• [Instructions to follow]: Each record has to be returned exactly as it appears.

[Phrase grounding data]
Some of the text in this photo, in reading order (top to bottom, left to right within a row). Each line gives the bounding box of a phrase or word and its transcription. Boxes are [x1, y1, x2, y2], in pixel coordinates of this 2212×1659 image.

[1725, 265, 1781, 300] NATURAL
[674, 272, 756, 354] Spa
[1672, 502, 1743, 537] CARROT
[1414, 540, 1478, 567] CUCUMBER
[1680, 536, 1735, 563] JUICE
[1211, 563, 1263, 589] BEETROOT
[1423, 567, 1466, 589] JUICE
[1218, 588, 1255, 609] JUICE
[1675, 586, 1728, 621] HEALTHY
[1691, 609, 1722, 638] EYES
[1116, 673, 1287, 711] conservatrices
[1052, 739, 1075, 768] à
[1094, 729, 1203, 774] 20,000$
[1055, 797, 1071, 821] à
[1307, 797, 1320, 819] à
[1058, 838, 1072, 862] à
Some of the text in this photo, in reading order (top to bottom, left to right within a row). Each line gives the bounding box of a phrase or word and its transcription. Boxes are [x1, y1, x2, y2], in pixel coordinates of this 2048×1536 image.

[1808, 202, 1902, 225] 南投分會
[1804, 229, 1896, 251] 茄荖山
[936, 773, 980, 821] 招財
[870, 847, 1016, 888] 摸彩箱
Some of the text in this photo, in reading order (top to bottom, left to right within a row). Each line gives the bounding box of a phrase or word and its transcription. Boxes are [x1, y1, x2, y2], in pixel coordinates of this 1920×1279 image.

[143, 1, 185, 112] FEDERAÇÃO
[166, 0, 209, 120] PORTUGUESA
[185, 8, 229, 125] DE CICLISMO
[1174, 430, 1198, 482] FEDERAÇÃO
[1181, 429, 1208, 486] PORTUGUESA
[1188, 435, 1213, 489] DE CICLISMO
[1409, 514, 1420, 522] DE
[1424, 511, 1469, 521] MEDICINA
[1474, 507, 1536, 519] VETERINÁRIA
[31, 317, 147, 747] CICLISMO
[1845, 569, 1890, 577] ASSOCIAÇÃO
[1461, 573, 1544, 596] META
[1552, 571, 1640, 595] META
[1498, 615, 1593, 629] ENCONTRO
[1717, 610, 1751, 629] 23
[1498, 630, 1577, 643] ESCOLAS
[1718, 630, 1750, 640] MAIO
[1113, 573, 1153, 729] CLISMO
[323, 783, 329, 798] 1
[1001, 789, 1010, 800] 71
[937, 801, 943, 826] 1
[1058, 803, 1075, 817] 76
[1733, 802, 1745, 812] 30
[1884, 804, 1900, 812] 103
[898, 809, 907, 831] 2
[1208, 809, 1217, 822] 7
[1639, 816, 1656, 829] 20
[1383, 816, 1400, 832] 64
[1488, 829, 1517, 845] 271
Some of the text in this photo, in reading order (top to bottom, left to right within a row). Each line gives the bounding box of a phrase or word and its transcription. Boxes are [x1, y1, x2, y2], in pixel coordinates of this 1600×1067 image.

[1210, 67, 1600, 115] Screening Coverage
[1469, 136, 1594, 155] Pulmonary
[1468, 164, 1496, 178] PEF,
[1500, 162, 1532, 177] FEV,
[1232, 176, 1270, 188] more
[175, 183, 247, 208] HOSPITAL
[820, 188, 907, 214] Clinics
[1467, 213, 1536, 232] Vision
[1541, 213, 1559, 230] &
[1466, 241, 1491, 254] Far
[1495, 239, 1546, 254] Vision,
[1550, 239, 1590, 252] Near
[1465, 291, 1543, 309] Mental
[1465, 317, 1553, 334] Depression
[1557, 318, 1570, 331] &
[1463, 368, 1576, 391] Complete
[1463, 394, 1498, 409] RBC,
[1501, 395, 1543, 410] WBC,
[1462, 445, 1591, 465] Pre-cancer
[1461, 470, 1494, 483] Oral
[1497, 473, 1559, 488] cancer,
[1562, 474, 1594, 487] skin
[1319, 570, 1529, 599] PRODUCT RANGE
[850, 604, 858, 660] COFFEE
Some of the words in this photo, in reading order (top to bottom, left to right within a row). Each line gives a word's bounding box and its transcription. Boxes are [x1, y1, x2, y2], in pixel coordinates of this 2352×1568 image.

• [Answer]:
Some of the text in this photo, in reading order (top to bottom, left to right within a row). Each line gives the bounding box of a phrase or word and its transcription. Boxes are [x1, y1, x2, y2], in pixel coordinates of this 2212×1659 image.

[1725, 265, 1781, 300] NATURAL
[674, 272, 756, 354] Spa
[1672, 502, 1743, 537] CARROT
[1414, 540, 1478, 567] CUCUMBER
[1680, 536, 1735, 563] JUICE
[1211, 563, 1263, 589] BEETROOT
[1423, 567, 1466, 589] JUICE
[1218, 588, 1255, 609] JUICE
[1675, 586, 1728, 621] HEALTHY
[1691, 609, 1722, 638] EYES
[1116, 673, 1287, 711] conservatrices
[1052, 739, 1075, 768] à
[1094, 729, 1203, 774] 20,000$
[1055, 797, 1071, 821] à
[1307, 797, 1320, 819] à
[1058, 838, 1072, 862] à
Some of the text in this photo, in reading order (top to bottom, left to right within a row). Each line gives the bounding box of a phrase or word and its transcription. Boxes are [x1, y1, x2, y2], in pixel coordinates of this 2048×1536 image.

[1808, 202, 1902, 225] 南投分會
[1804, 229, 1896, 251] 茄荖山
[936, 773, 980, 821] 招財
[870, 847, 1016, 888] 摸彩箱
Some of the text in this photo, in reading order (top to bottom, left to right within a row). Each line gives the bounding box of a phrase or word and its transcription. Boxes are [x1, y1, x2, y2], in pixel coordinates of this 1920×1279 image.

[143, 1, 185, 112] FEDERAÇÃO
[166, 0, 209, 120] PORTUGUESA
[185, 8, 229, 125] DE CICLISMO
[1174, 430, 1198, 482] FEDERAÇÃO
[1181, 429, 1208, 486] PORTUGUESA
[1188, 435, 1213, 489] DE CICLISMO
[1409, 514, 1420, 522] DE
[1424, 511, 1469, 521] MEDICINA
[1474, 507, 1536, 519] VETERINÁRIA
[31, 317, 147, 747] CICLISMO
[1845, 569, 1890, 577] ASSOCIAÇÃO
[1461, 573, 1544, 596] META
[1552, 571, 1640, 595] META
[1498, 615, 1593, 629] ENCONTRO
[1717, 610, 1751, 629] 23
[1498, 630, 1577, 643] ESCOLAS
[1718, 630, 1750, 640] MAIO
[1113, 573, 1153, 729] CLISMO
[323, 783, 329, 798] 1
[1001, 789, 1010, 800] 71
[937, 801, 943, 826] 1
[1058, 803, 1075, 817] 76
[1733, 802, 1745, 812] 30
[1884, 804, 1900, 812] 103
[898, 809, 907, 831] 2
[1208, 809, 1217, 822] 7
[1639, 816, 1656, 829] 20
[1383, 816, 1400, 832] 64
[1488, 829, 1517, 845] 271
Some of the text in this photo, in reading order (top to bottom, left to right within a row). Each line gives the bounding box of a phrase or word and its transcription. Boxes are [x1, y1, x2, y2], in pixel coordinates of this 1600×1067 image.

[1210, 67, 1600, 115] Screening Coverage
[1469, 136, 1594, 155] Pulmonary
[1468, 164, 1496, 178] PEF,
[1500, 162, 1532, 177] FEV,
[1232, 176, 1270, 188] more
[175, 183, 247, 208] HOSPITAL
[820, 188, 907, 214] Clinics
[1467, 213, 1536, 232] Vision
[1541, 213, 1559, 230] &
[1466, 241, 1491, 254] Far
[1495, 239, 1546, 254] Vision,
[1550, 239, 1590, 252] Near
[1465, 291, 1543, 309] Mental
[1465, 317, 1553, 334] Depression
[1557, 318, 1570, 331] &
[1463, 368, 1576, 391] Complete
[1463, 394, 1498, 409] RBC,
[1501, 395, 1543, 410] WBC,
[1462, 445, 1591, 465] Pre-cancer
[1461, 470, 1494, 483] Oral
[1497, 473, 1559, 488] cancer,
[1562, 474, 1594, 487] skin
[1319, 570, 1529, 599] PRODUCT RANGE
[850, 604, 858, 660] COFFEE
Some of the words in this photo, in reading order (top to bottom, left to right within a row). Each line gives a word's bounding box and its transcription. Boxes are [x1, y1, x2, y2], in pixel coordinates of this 2352×1568 image.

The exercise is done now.